If I don’t cry now, una go say na me kill una papa.

I fling myself across the red, huge mound of the man’s fresh grave, biting down the chill that whooshed throughout my body. They’ve covered him well, with such heaps of sand as if they were afraid he’d one day dig himself out. The only unideal thing was the chosen site. He should have been put in the backyard or somewhere invisible, not in front of the house like a monument, a pest. Now I’ll be reminded of him whenever I visit.

The wail that bolts out of my lungs as I crumble is not in any way fake as intended, and I almost laugh when I hear another join me, bringing in their own portion of drama. We were both mourning two different things with the same pitch at the same time except that mine was much more reasonable; I had just realized I was donning one of my favorite black dresses and that there was no redeeming it after this excruciating exercise was over.

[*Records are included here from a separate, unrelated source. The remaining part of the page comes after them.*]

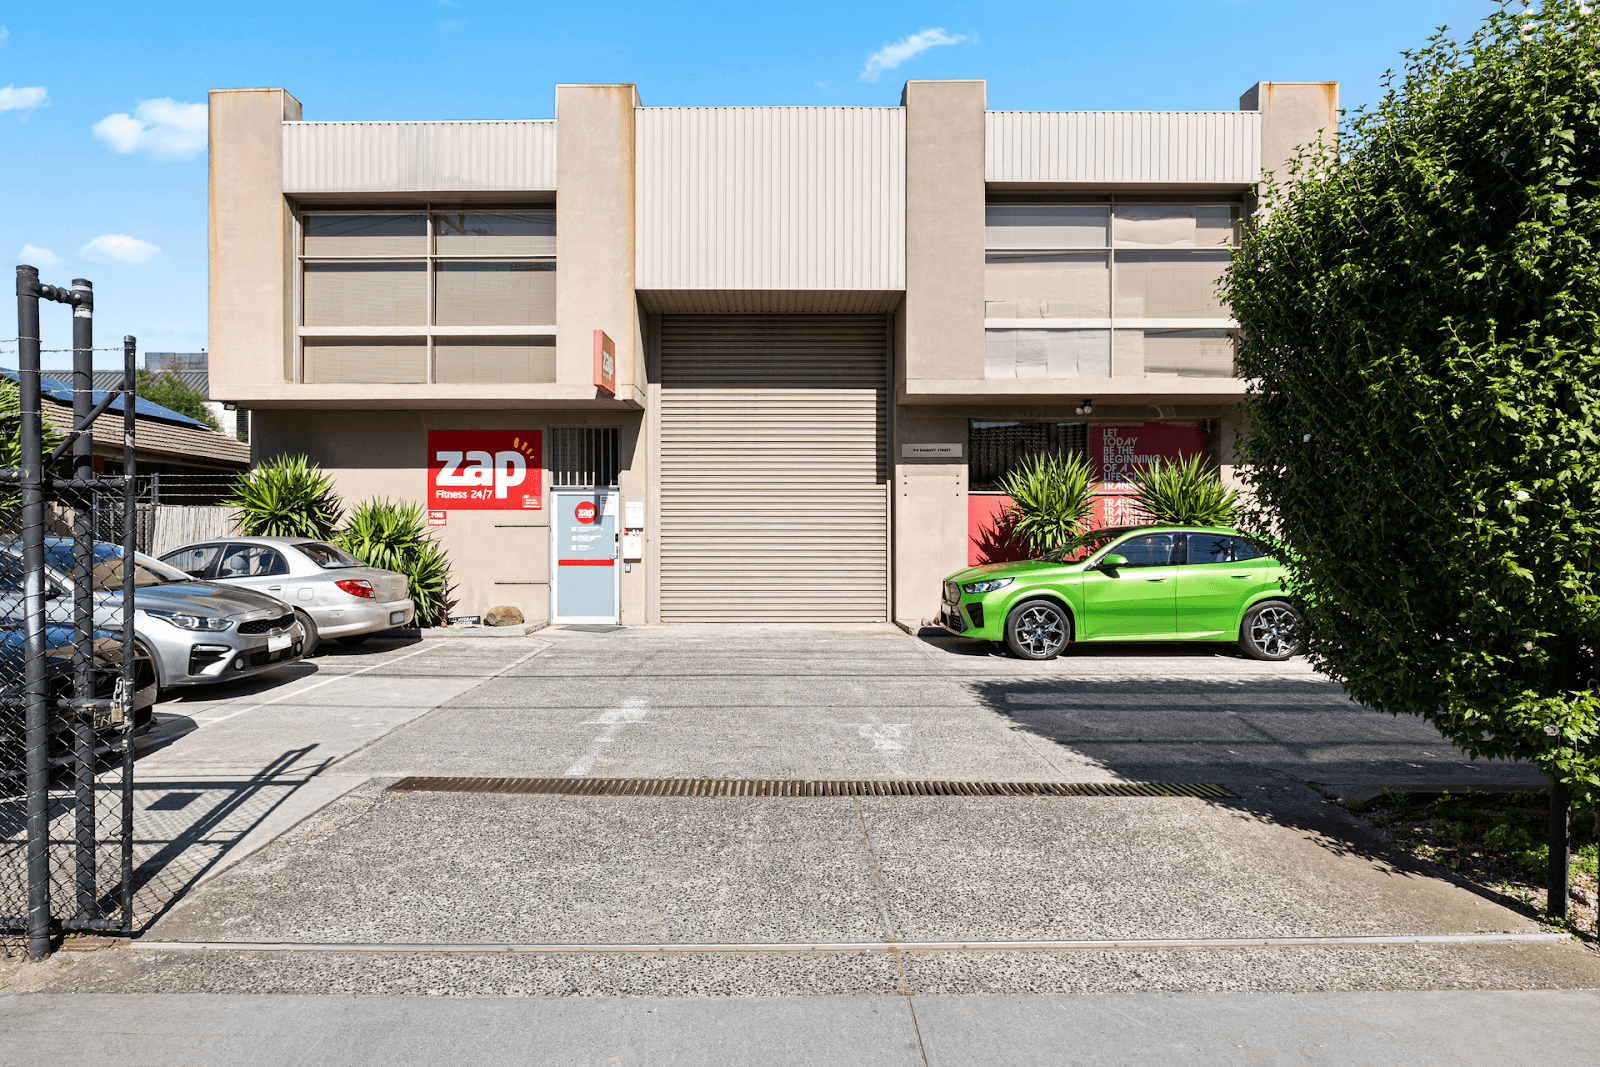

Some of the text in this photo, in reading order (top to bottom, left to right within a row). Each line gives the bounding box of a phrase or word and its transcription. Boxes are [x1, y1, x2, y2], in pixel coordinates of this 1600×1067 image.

[602, 350, 614, 381] zap
[1103, 428, 1118, 437] LET
[1103, 437, 1138, 446] TODAY
[1103, 446, 1135, 455] BE THE
[1103, 455, 1161, 464] BEGINNING
[1103, 463, 1128, 472] OF A
[436, 451, 526, 499] zap
[436, 488, 493, 500] Fitness 24/7
[578, 509, 595, 519] zap

The tutorial had not mentioned any rolling but I do it anyway. What was even there to learn from a white woman teaching grief in a typical African setting? What would she know? I do the rolling like it was a course I smashed in school, smearing my arm and sides sufficiently with wet mud before sitting up and proceeding to beat my chest, hack my hair apart and kick up sand with my feet. I scream like I’m deranged, like it’s true, and Wallai! If this isn’t the very height of humiliation, the most degrading thing I’ve ever subjected myself to, but then, there was no going back. The train had already left the station when I stepped into the compound and saw everyone looking half mad, half dead, half stupid. There and then, I had made up my mind to be the overall package. Besides, this was a competition. A stage. And a hundred spectators had already begun watching, waiting for each family member to disgust themselves by participating in this hypocrisy, just like culture demanded. Right now, all eyes were on me.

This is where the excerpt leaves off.